Security Update Discussion

First Riot Post
Comment below rating threshold, click here to show it.

Shiister

This user has referred a friend to League of Legends, click for more information

Senior Member

08-20-2013

Quote:
Originally Posted by Lyrinn View Post
People have been complaining about the lack of security features here for years and you're just now getting to work on that?
Haven't seen any of these complaints till recently. Anytime when someone did complain about their account being hacked it was due to keylogger or phishing scam


Comment below rating threshold, click here to show it.

Layla

This user has referred a friend to League of Legends, click for more information

Senior Member

08-20-2013

Quote:
Originally Posted by Shiister View Post
Haven't seen any of these complaints till recently. Anytime when someone did complain about their account being hacked it was due to keylogger or phishing scam
The complaints weren't about hacking.
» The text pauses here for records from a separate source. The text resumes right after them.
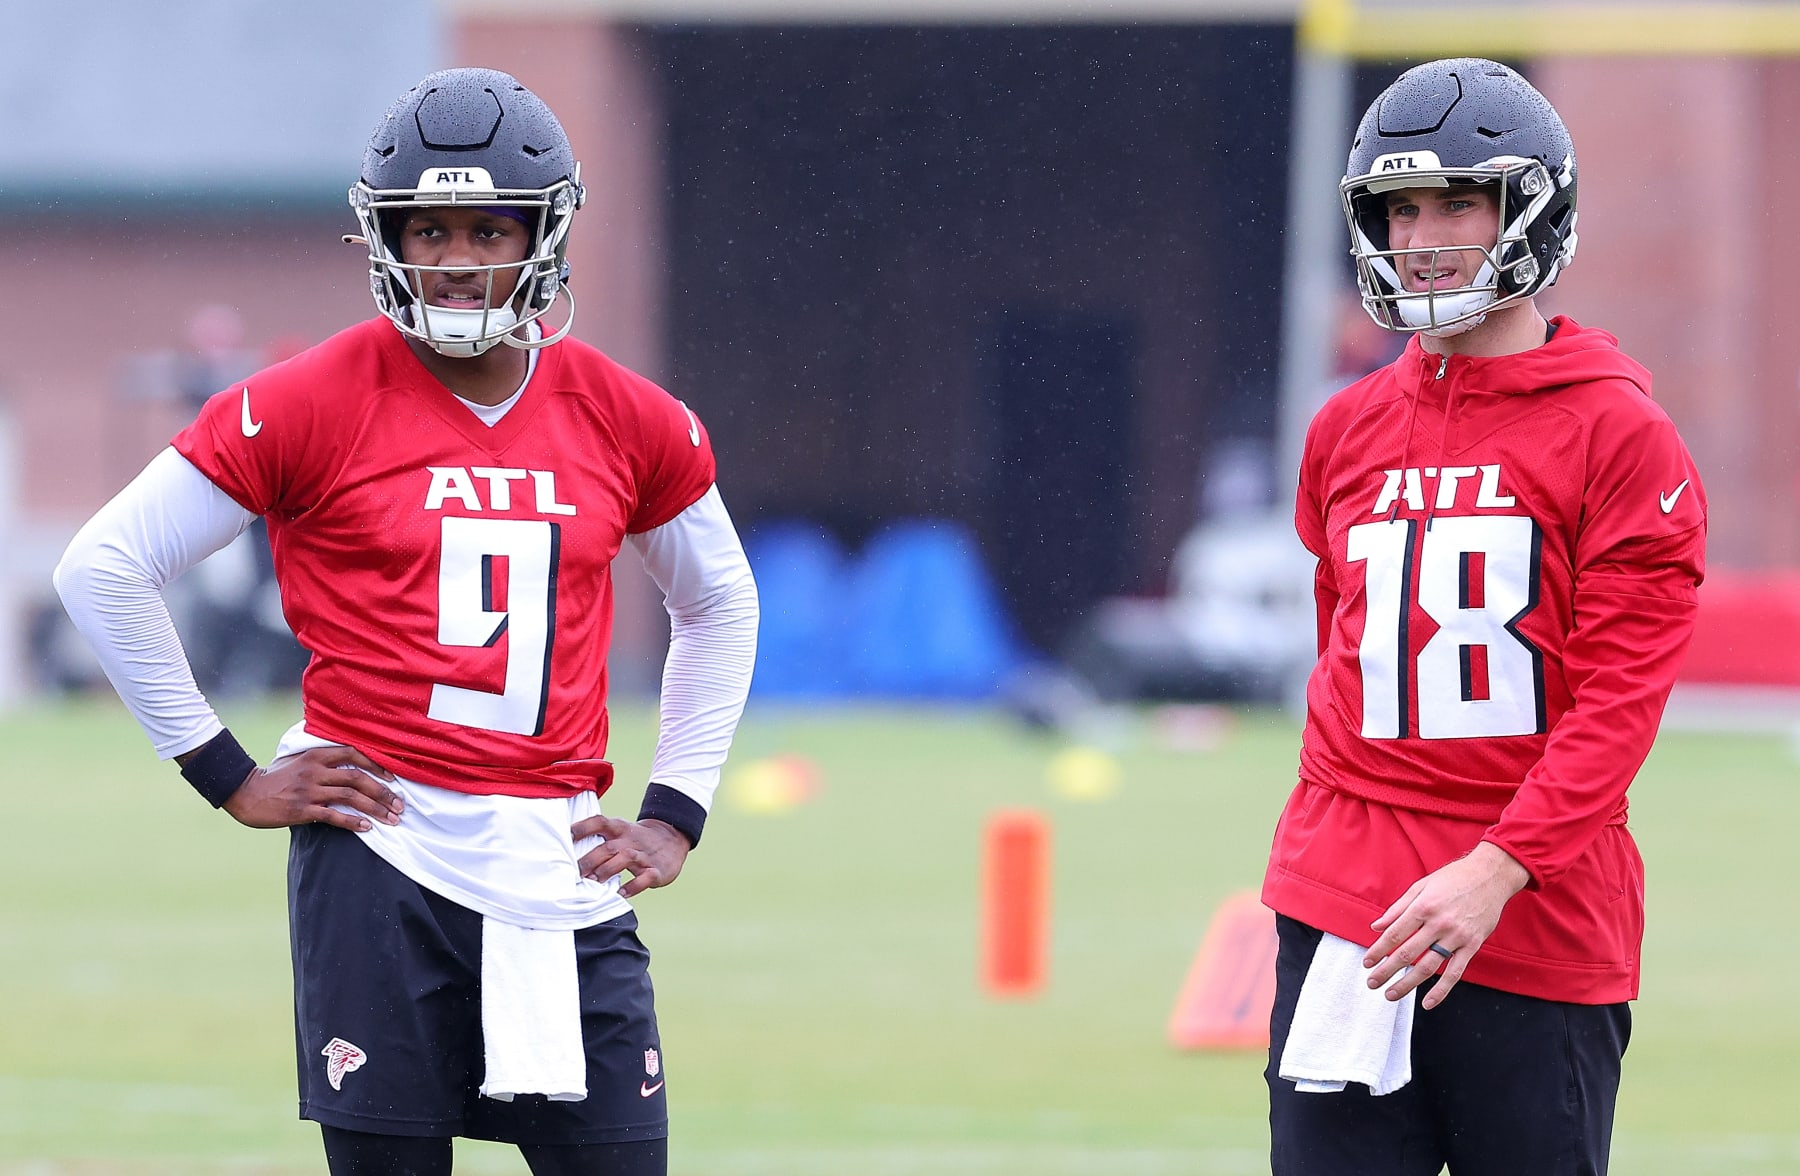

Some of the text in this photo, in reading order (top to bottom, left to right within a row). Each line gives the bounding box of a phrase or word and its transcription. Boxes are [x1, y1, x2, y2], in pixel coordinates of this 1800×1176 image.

[437, 172, 474, 183] ATL
[1382, 157, 1417, 171] ATL
[423, 466, 577, 516] ATL
[1371, 463, 1516, 515] ATL
[427, 515, 561, 737] 9
[1346, 514, 1546, 740] 18
Have you ever tried to change your email? All it asks for is your new email address. They didn't even require you to verify your current email or confirm that you want to change your address -- not even your password. You just enter it and you're done. Of course, to lose your account this way would point to extreme negligence but I've never seen a game or even website not offer something as simple as email confirmation. That's just the tip of the iceberg.


Comment below rating threshold, click here to show it.

Shocco

Junior Member

08-20-2013

Im very happy with the forced security. BUT i think its a bit difficult to make a decent password that i can remeber with these minimum reqs... i mean before i had a number a cap and lower cased. now i have to have all that plus more numbers and special characters. IMO if you allowed spaces it would be a bit easier to make a password. thats just me. Thank you RIOT for getting this done quick.

Regards


Comment below rating threshold, click here to show it.

Solviot

Member

08-20-2013

Hi i was wondering if this effects PBE accounts as well?
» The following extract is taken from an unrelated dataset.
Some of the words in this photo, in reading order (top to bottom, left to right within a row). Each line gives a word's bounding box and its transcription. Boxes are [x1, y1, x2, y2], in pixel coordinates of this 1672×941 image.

Comment below rating threshold, click here to show it.

Raygr

Senior Member

08-20-2013

Quote:
Originally Posted by Vesh View Post
Some clarification here - the transaction IDs are randomly generated guids and do not contain any information about credit cards or other billing info.

this is entirely separated from the hashed cards that were used for a specific payment system in 2011. these transaction IDs do not reveal anything about your billing or payment information. they are basically equivalent to receipt numbers.
Just a quick question. Not sure if this is silly or not so excuse me if it is but are those who strictly used paypal on the ingame league purchase site affect by the credit card theft?
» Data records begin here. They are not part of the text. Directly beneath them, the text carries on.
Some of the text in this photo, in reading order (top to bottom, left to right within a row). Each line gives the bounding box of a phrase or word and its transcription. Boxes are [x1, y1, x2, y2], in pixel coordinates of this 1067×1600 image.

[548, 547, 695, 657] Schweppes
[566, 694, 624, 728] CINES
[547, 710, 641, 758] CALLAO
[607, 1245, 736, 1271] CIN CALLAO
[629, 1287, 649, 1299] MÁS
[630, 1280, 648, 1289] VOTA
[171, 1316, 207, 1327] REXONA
Comment below rating threshold, click here to show it.

Bloodlogic

The Council

08-20-2013

Quote:
Originally Posted by Raygr View Post
Just a quick question. Not sure if this is silly or not so excuse me if it is but are those who strictly used paypal on the ingame league purchase site affect by the credit card theft?
No if you only used PayPal you are fine and are not at risk.


Comment below rating threshold, click here to show it.

Andresh

Junior Member

08-20-2013

I have only one question for you guys at Riot

Why is it that a to change the password you force us to use the common replacement for letters and/or special characters making the password difficult to remember. By enforcing the use of those characters isn't most people inclined to just swap letters and numbers and throw some Upper case into the mix to make an easier to remember password? And still be a potential target to whoever have personal info on them by going through the common replacements and passwords?

Why would a longer password with random words be worse? Or even yet a longer password that tells a small story or is an old saying. I like this joke by the way: http://xkcd.com/936/ not 100% accurate but it did kept me guessing why do we have to use those characters when we almost don't use them.

Or is this a move to force everyone to change so whoever has the hashed passwords can't use them and eventual correct guesses to find the key to unlock all others?

But hey password changed not to what I wanted but then again thank you for informing us and taking action ^^


Comment below rating threshold, click here to show it.

DietDrDrama

Junior Member

08-20-2013

What if you used a 10 minute mail to create your account does that mean those ppl are screwed?


Comment below rating threshold, click here to show it.

Pythonhier

Senior Member

Comment below rating threshold, click here to show it.

Just Mid

Member

08-20-2013

Quote:
Originally Posted by DietDrDrama View Post
What if you used a 10 minute mail to create your account does that mean those ppl are screwed?
Why in the hell would you do that to begin with for something that you would have for more than 10 min?